2 - ( alleen bij procederen op papier) het beroepschrift moet ondertekend zijn;

3 - het beroepschrift moet ten minste het volgende vermelden:

a. de naam en het adres van de indiener; b. de dagtekening; c. een omschrijving van de uitspraak waartegen het beroep in cassatie is gericht; d. de gronden van het beroep in cassatie. Voor het instellen van beroep in cassatie is griffierecht verschuldigd. Na het instellen van beroep in cassatie ontvangt de indiener een nota griffierecht van de griffier van de Hoge Raad. In het cassatieberoepschrift kan de Hoge Raad verzocht worden om de wederpartij te veroordelen in de proceskosten.

vgl.
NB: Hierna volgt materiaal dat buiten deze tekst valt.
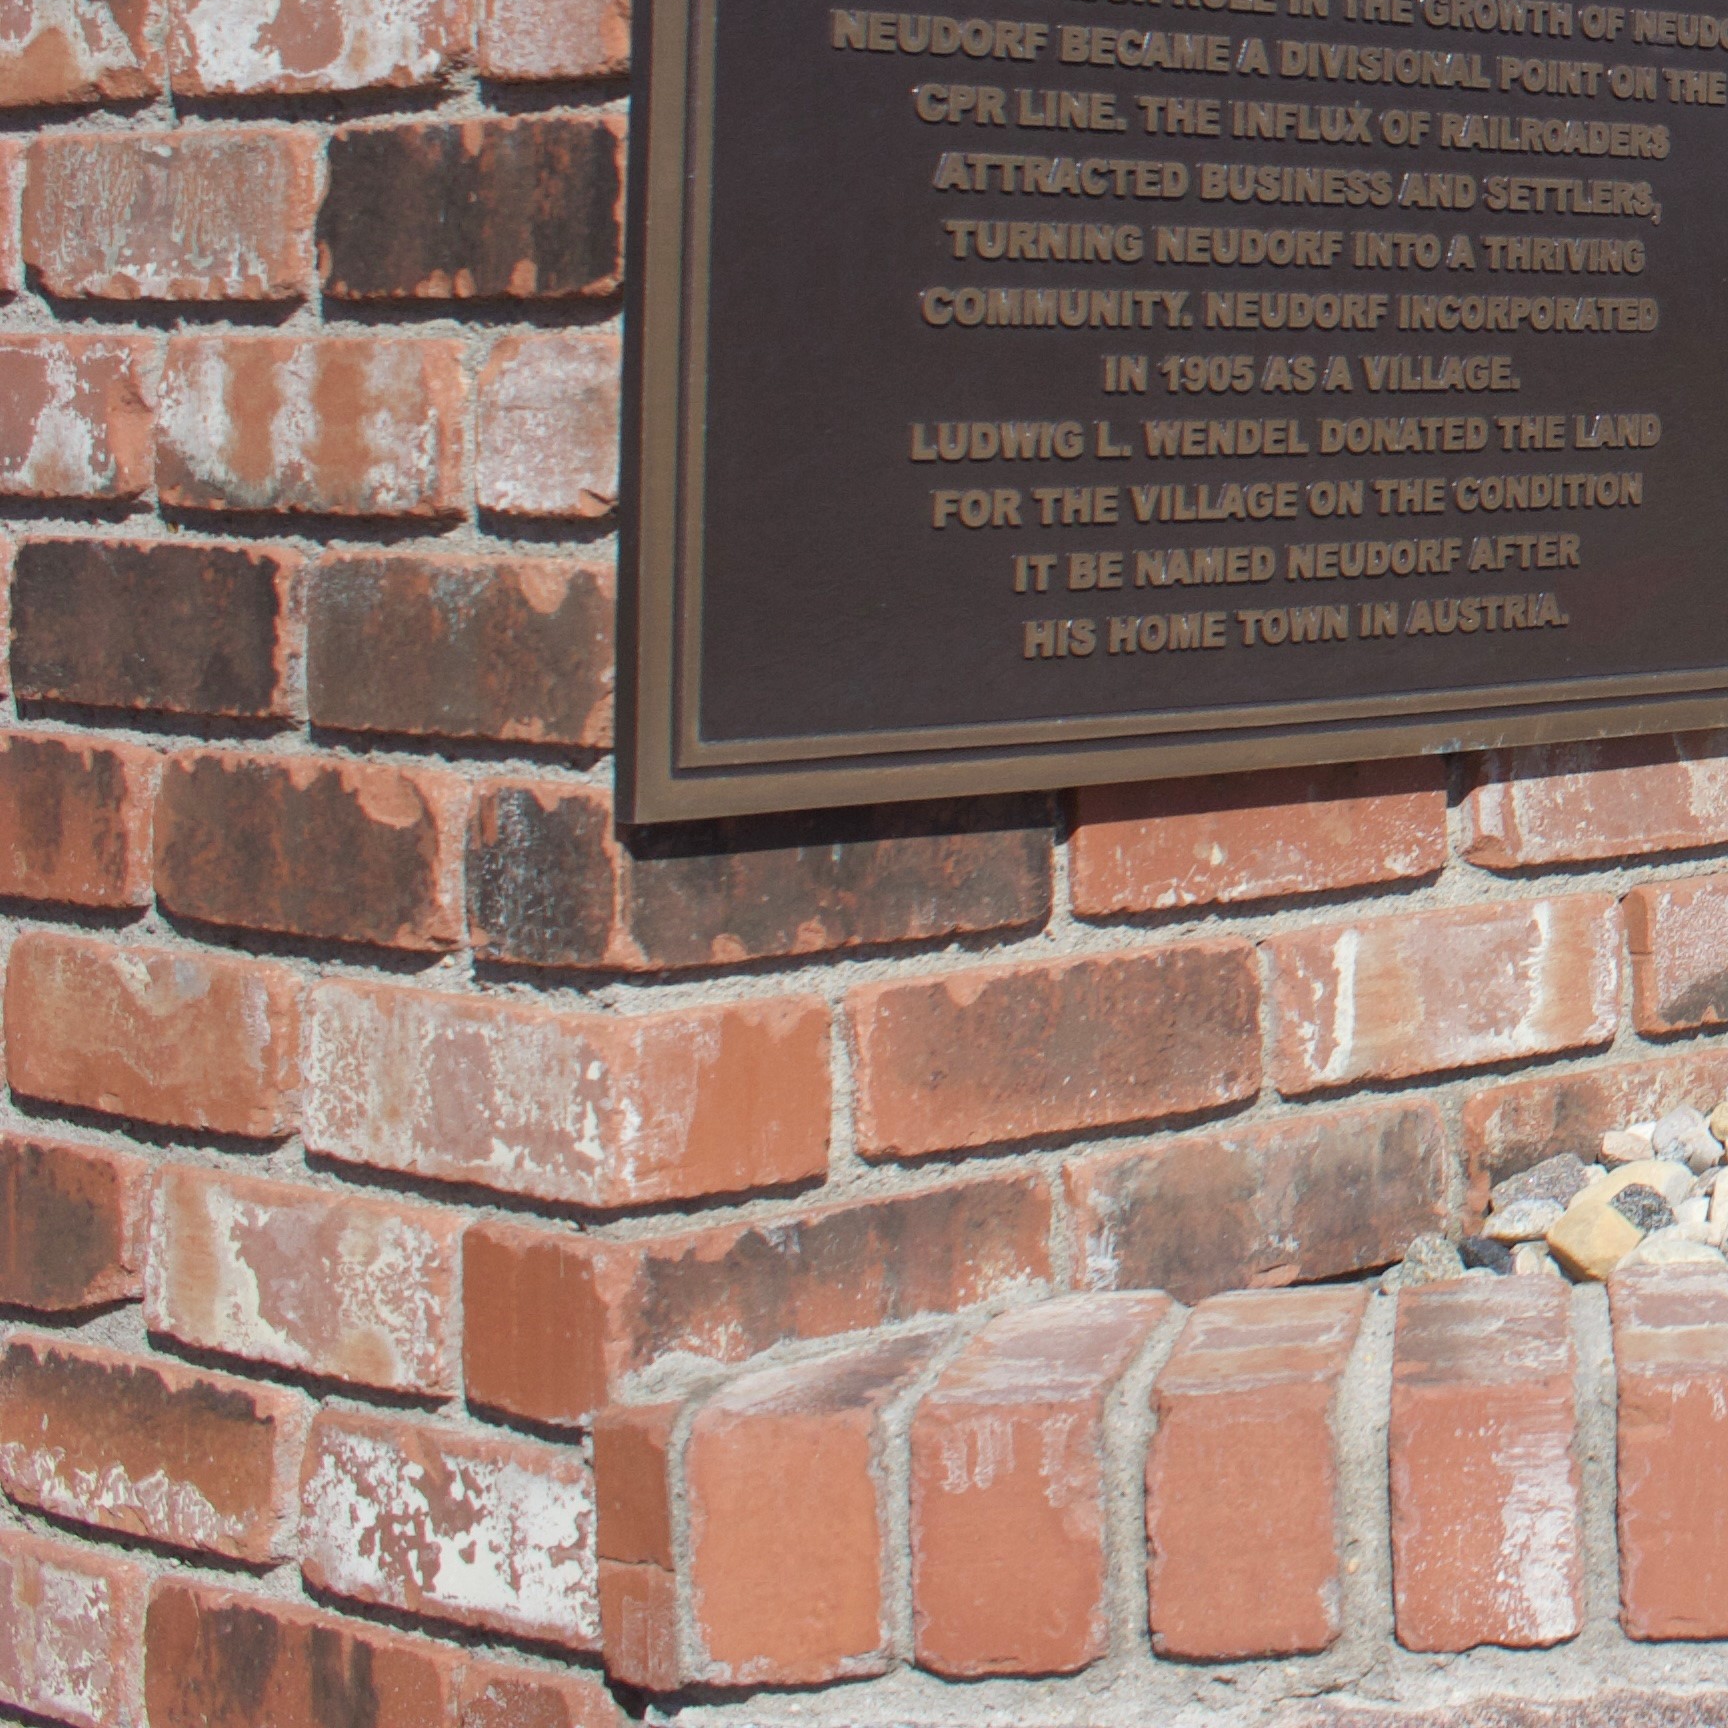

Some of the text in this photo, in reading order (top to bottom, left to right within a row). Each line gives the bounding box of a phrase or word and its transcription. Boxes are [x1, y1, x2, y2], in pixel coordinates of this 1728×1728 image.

[1579, 9, 1625, 40] OF
[830, 10, 1727, 105] NEUDORF BECAME A DIVISIONAL POINT ON THE
[914, 84, 1670, 159] CPR LINE. THE INFLUX OF RAILROADERS
[933, 153, 1662, 224] ATTRACTED BUSINESS AND SETTLERS,
[945, 220, 1646, 273] TURNING NEUDORF INTO A THRIVING
[920, 287, 1659, 332] COMMUNITY. NEUDORF INCORPORATED
[1103, 355, 1521, 393] IN 1905 AS A VILLAGE.
[911, 414, 1661, 462] LUDWIG L. WENDEL DONATED THE LAND
[932, 473, 1643, 530] FOR THE VILLAGE ON THE CONDITION
[1013, 533, 1580, 594] IT BE NAMED NEUDORF AFTER
[1023, 593, 1570, 658] HIS HOME TOWN IN AUSTRIA.
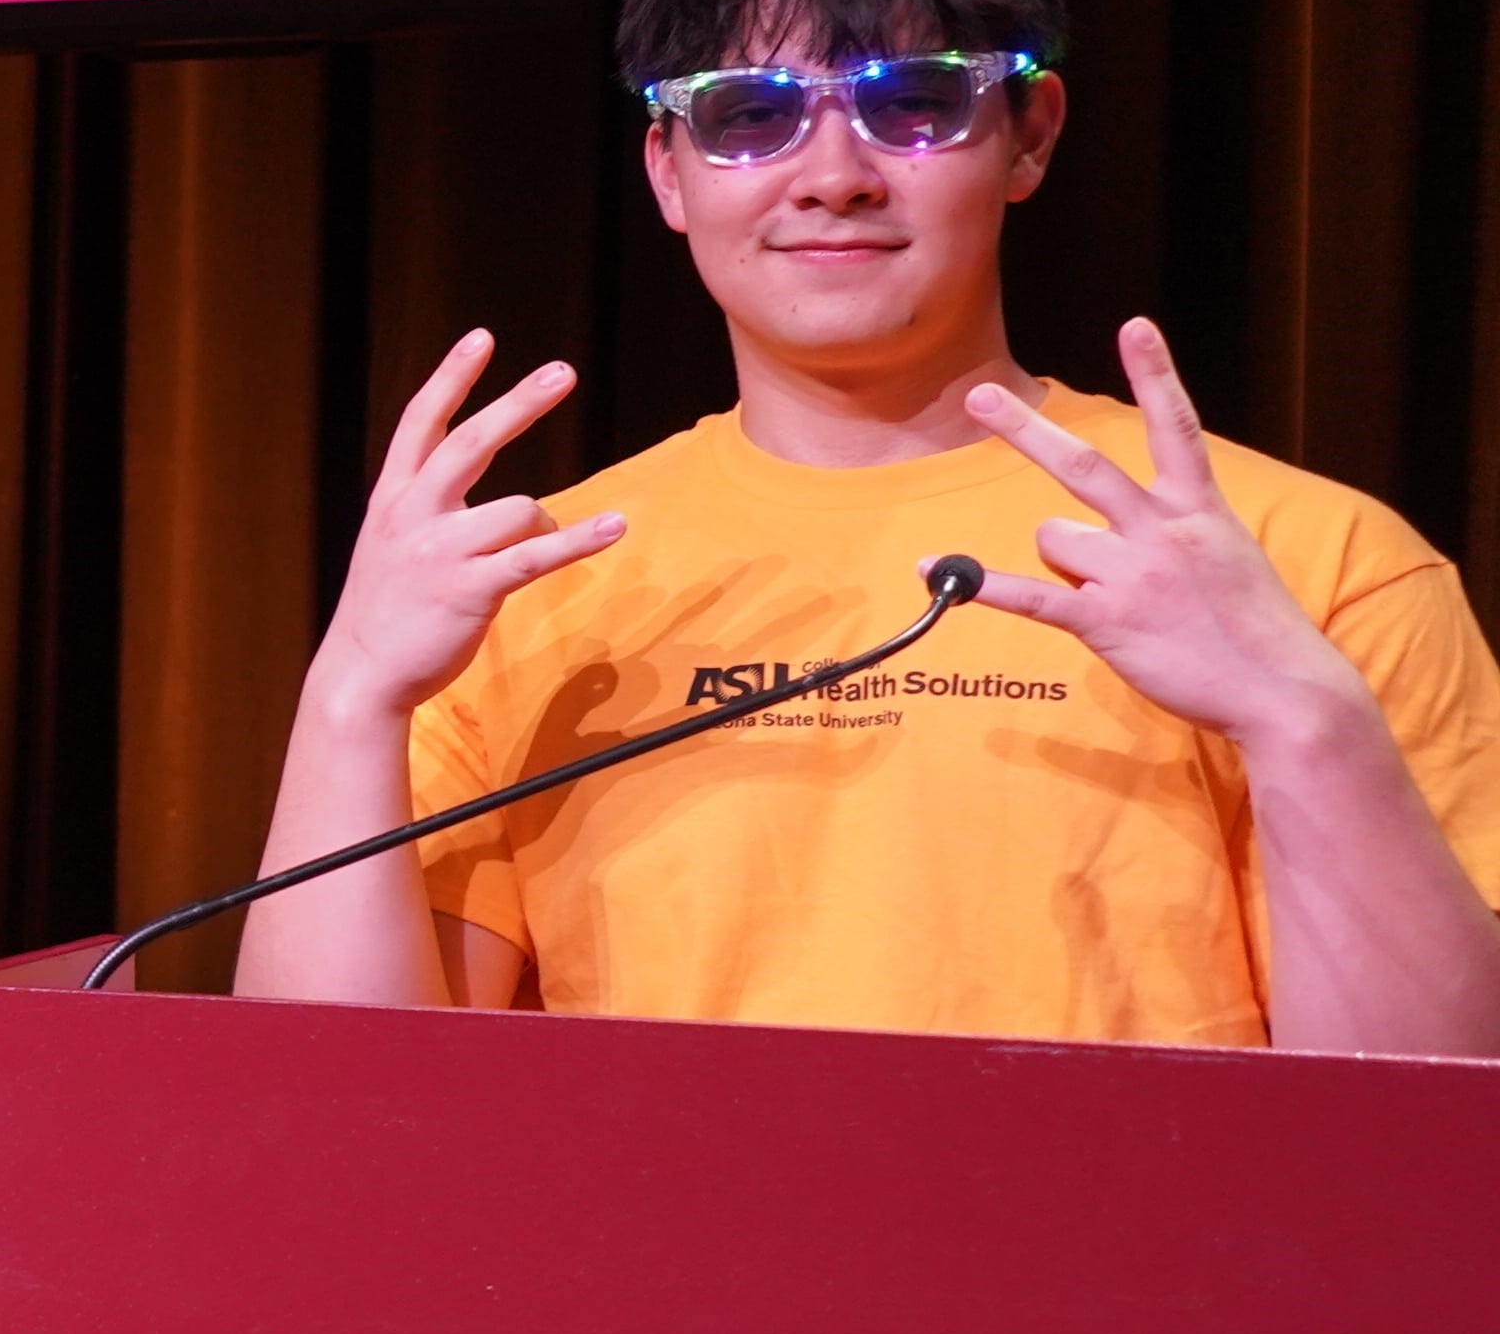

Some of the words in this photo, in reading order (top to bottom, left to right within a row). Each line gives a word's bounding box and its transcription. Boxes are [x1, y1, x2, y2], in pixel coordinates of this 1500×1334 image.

Hoge Raad 5 januari 2000, nr. 35019, ECLI:NL:HR:2000:AA4058.

vgl. Hoge Raad 11 maart 1998, nr. 32723, ECLI:NL:HR:1998:AA2454.

vgl. Hoge Raad 29 mei 2009, nr. 43632, ELCI:NL:HR:2009:BI5110.

vlg. Hoge Raad 4 mei 2018, ECLI:NL:HR:2018:672, r.o. 3.4.2.


Voetnoten

vgl. Hoge Raad 5 januari 2000, nr. 35019, ECLI:NL:HR:2000:AA4058.

vgl. Hoge Raad 11 maart 1998, nr. 32723, ECLI:NL:HR:1998:AA2454.

vgl. Hoge Raad 29 mei 2009, nr. 43632, ELCI:NL:HR:2009:BI5110.

vlg. Hoge Raad 4 mei 2018, ECLI:NL:HR:2018:672, r.o. 3.4.2.